Он поднял голову и взглянул на меня покрасневшими глазами.

— Ох, Шарлотта-Роза, он умирает.

— Неужели ничего нельзя сделать?

Мишель покачал головой.

— У него чахотка. Он подхватил ее в остроге, куда попал за долги. Он болен уже много лет.

— Так почему же он сегодня вышел на сцену?

— Ему были нужны деньги, — просто ответил Мишель.

— Я могу чем-нибудь помочь? Послать за доктором? Аптекарем?

Мишель презрительно фыркнул.

— Можно подумать, они возьмутся лечить его после того, как он высмеял их в своей пьесе!

— Они наверняка не откажут…

Мишель пожал узкими, худыми плечами.

— Людям не нравится, когда над ними смеются.

Я согласно кивнула, вспомнив ярость короля, когда я унизила его на глазах придворных. Я постаралась побыстрее отогнать воспоминания прочь — они несли с собой одну лишь боль — и попыталась решить, чем могу помочь здесь и сейчас. Измятый зеленый сюртук Мольера валялся на пыльном полу. Я подняла его и встряхнула. Мишель отшатнулся, словно увидев привидение.

— Выбросьте его вон, — вскричал он. — Это — дьявольский цвет! Клянусь, я никогда более не буду носить зеленое!

Я озадаченно взглянула на него, но тем не менее убрала сюртук с глаз долой. Мишель всегда был таким. Он или радовался, как ребенок, или погружался в пучины отчаяния, но это-то и привлекало меня в нем. Я начала уставать от знаменитого бесстрастия короля; иногда бывало трудно понять, о чем он думает. А мысли Мишеля можно было читать, как в открытой книге.

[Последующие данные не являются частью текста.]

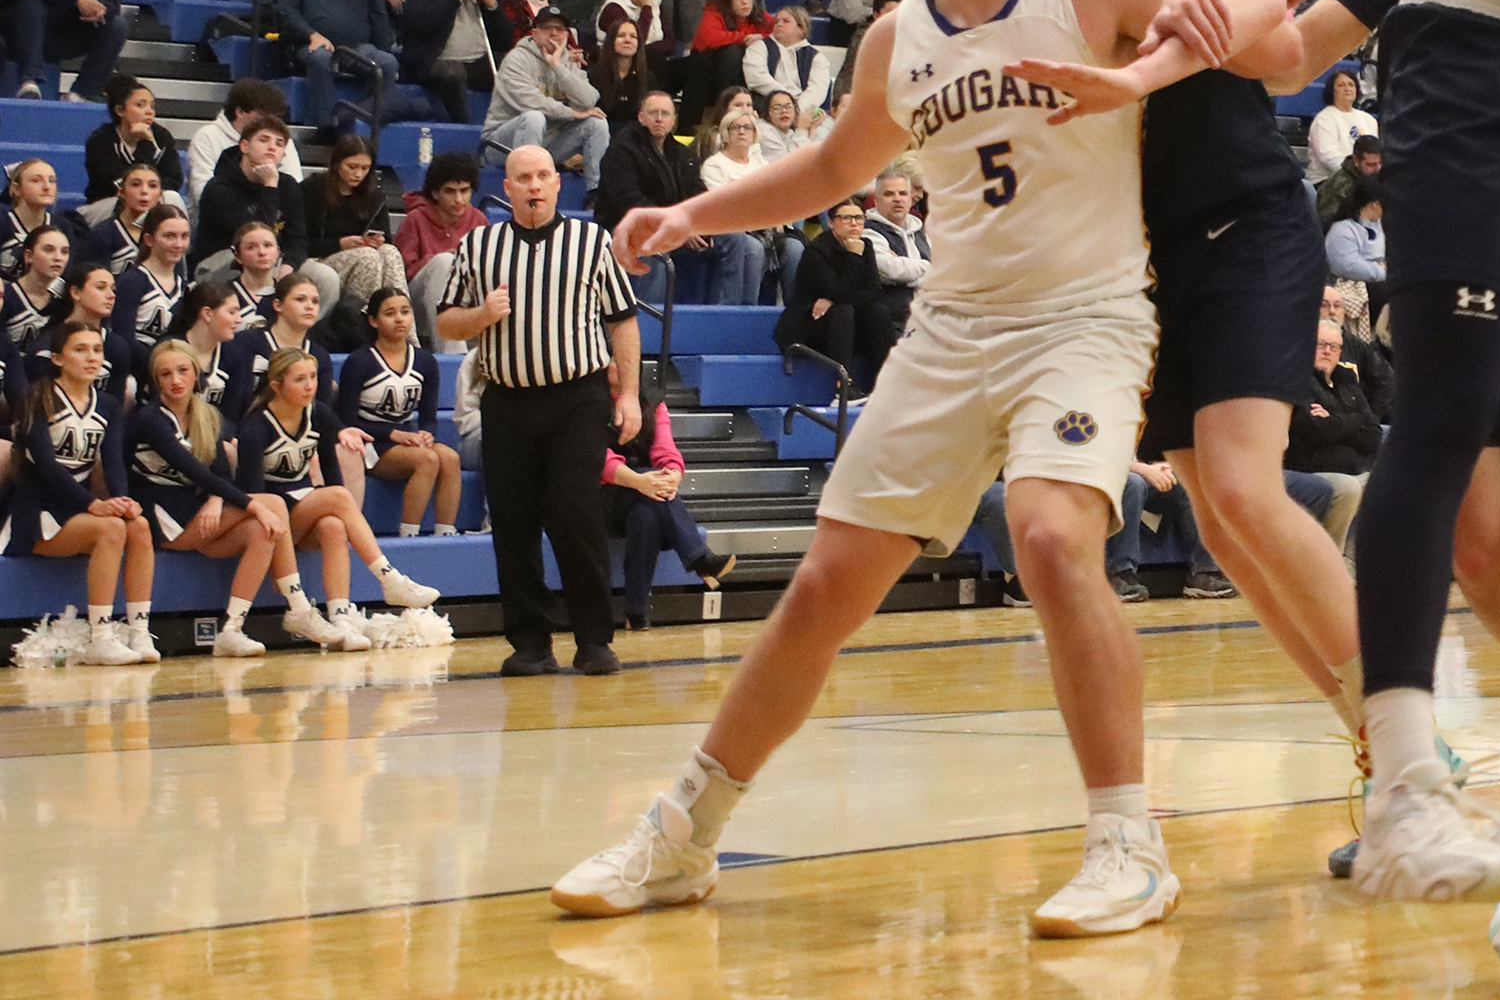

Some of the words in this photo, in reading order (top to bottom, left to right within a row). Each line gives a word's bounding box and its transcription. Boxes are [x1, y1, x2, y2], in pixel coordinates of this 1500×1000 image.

— Вы уже ели? — спросила я его.

— В такой момент мне кусок в горло не полезет. — И Мишель вновь закрыл лицо руками.

На кровати застонал и что-то пробормотал Мольер. Арманда и ее мать рыдали в объятиях друг друга.

— Позвать священника? — неуверенно предложила я.

— Мы уже посылали за двумя, но оба не пришли. Они говорят, что автор «Тартюфа»[141] недостоин последнего утешения. — Мишель поднял на меня глаза, в которых читалась мучительная боль.

— Его Величество придет в ярость, если узнает об этом. Позвольте мне послать за личным исповедником короля. Если он не придет сам, то, по крайней мере, пришлет кого-нибудь вместо себя.

Сбежав вниз по лестнице, я нашла какого-то перепуганного молоденького актера, дала ему немного денег и объяснила, куда идти. Затем я принесла в мрачную спальню немного вина и налила кубки Мишелю и плачущим женщинам. Атмосфера в комнате показалась мне настолько угнетающей, что я с превеликой готовностью осушила кубок сама, хотя вино было дешевым и гадким.

Мольер дышал тяжело, с хрипами. Он лежал совершенно неподвижно, и лицо его было бледным, словно высеченное из мрамора. И лишь его неровное, частое и влажное дыхание свидетельствовало, что он еще жив. Между каждым хлюпающим вдохом и хриплым выдохом воцарялись долгие пугающие паузы, которые становились все длиннее. Всякий раз мы склонялись над ним, будучи уверенными, что это был его последний вздох.

вернуться

141

«Тартюф» — комедийная пьеса Мольера, написанная в 1664 г. Пьеса поставлена почти всеми театрами мира и сохраняется в репертуаре до нашего времени. Тартюф у Мольера воплощает универсальный человеческий порок лицемерия, прикрывающегося религиозным ханжеством.